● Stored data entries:
____
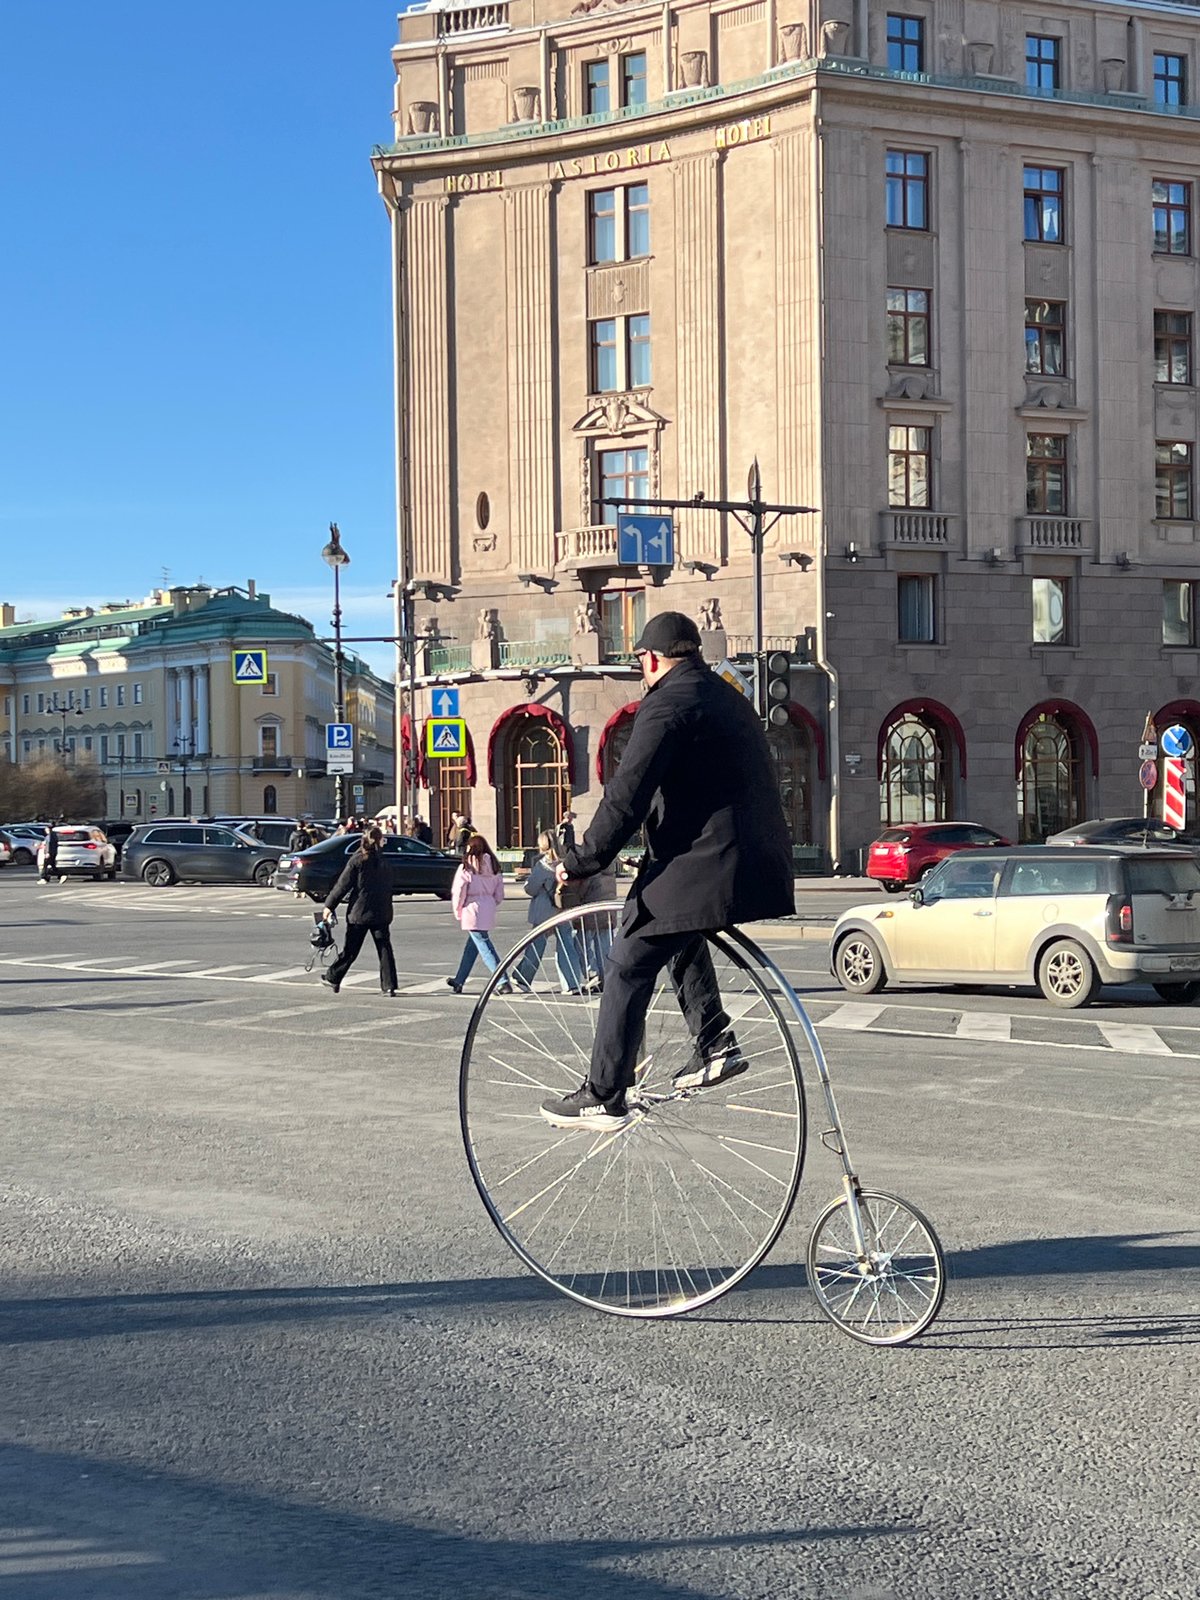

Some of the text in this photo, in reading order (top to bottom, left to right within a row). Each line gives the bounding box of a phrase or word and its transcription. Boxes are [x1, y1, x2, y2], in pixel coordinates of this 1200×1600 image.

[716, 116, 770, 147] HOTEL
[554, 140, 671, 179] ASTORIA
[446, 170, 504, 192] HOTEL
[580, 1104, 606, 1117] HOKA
____
The records above need to be restated word for word, with the pictures left out.

● EXERCISE RESULT:
Some of the text in this photo, in reading order (top to bottom, left to right within a row). Each line gives the bounding box of a phrase or word and its transcription. Boxes are [x1, y1, x2, y2], in pixel coordinates of this 1200×1600 image.

[716, 116, 770, 147] HOTEL
[554, 140, 671, 179] ASTORIA
[446, 170, 504, 192] HOTEL
[580, 1104, 606, 1117] HOKA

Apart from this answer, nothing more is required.